**Working data:**
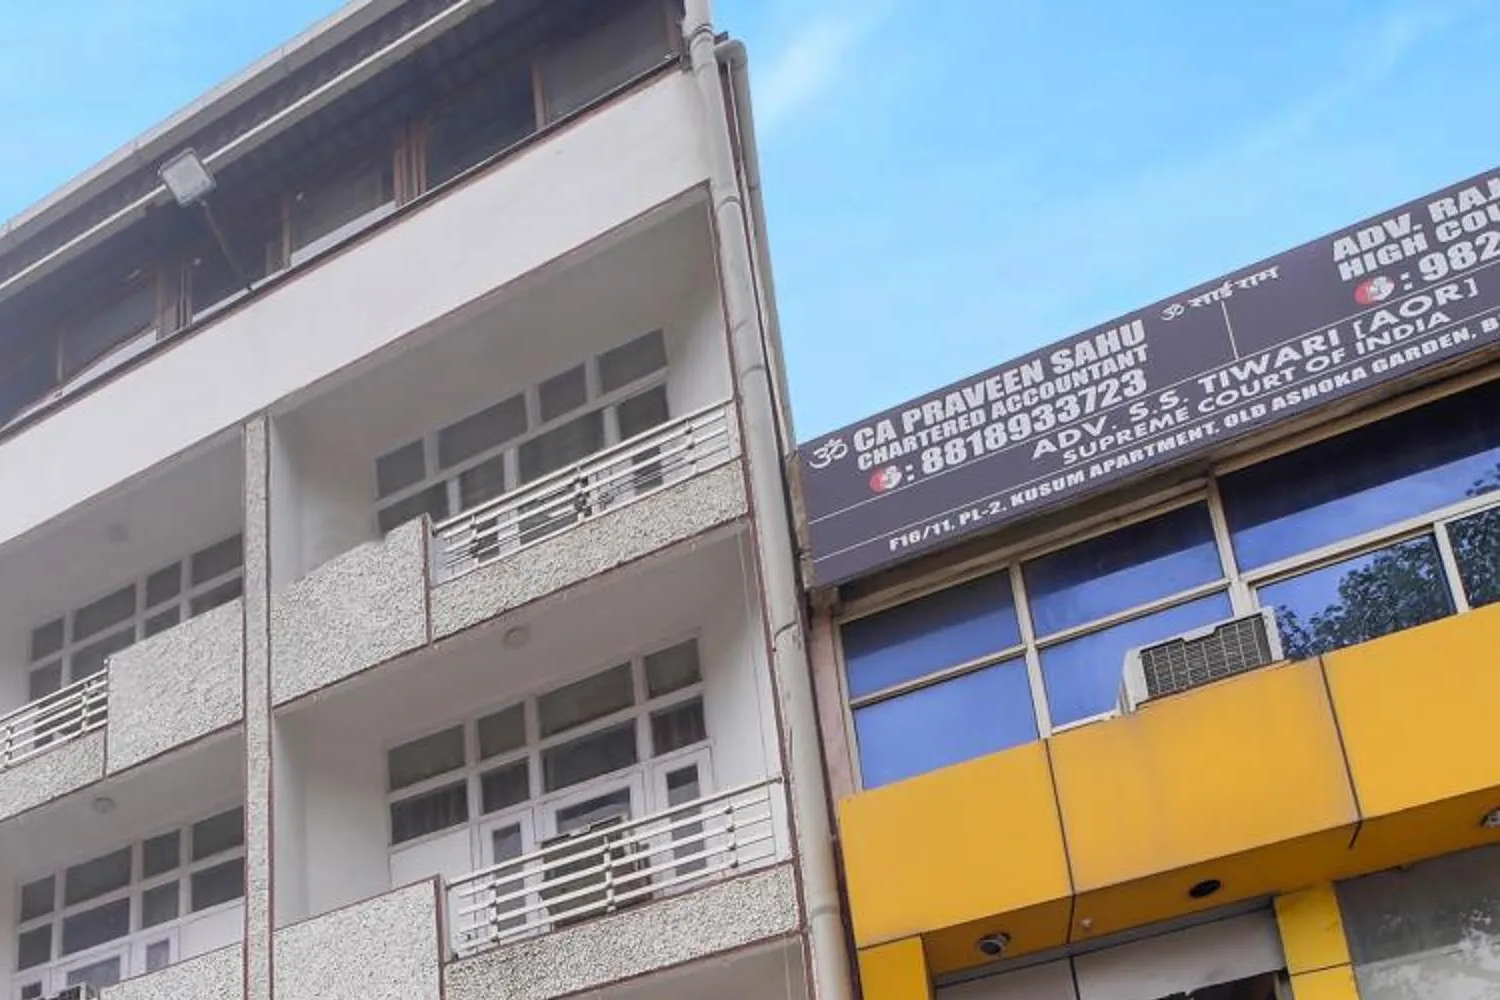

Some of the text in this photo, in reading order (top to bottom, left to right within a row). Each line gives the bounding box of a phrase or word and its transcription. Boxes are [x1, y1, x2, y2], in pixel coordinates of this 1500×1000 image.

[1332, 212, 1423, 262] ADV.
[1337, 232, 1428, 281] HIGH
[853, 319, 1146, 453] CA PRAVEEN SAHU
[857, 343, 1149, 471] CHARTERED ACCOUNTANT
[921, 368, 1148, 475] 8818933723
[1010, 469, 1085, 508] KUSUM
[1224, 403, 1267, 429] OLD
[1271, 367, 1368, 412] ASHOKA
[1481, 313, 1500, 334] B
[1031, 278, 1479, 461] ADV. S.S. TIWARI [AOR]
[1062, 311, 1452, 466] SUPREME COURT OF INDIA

**Work required:**
With the pictures set aside, please write out all of the records above exactly.

**Written answer:**
Some of the text in this photo, in reading order (top to bottom, left to right within a row). Each line gives the bounding box of a phrase or word and its transcription. Boxes are [x1, y1, x2, y2], in pixel coordinates of this 1500×1000 image.

[1332, 212, 1423, 262] ADV.
[1337, 232, 1428, 281] HIGH
[853, 319, 1146, 453] CA PRAVEEN SAHU
[857, 343, 1149, 471] CHARTERED ACCOUNTANT
[921, 368, 1148, 475] 8818933723
[1010, 469, 1085, 508] KUSUM
[1224, 403, 1267, 429] OLD
[1271, 367, 1368, 412] ASHOKA
[1481, 313, 1500, 334] B
[1031, 278, 1479, 461] ADV. S.S. TIWARI [AOR]
[1062, 311, 1452, 466] SUPREME COURT OF INDIA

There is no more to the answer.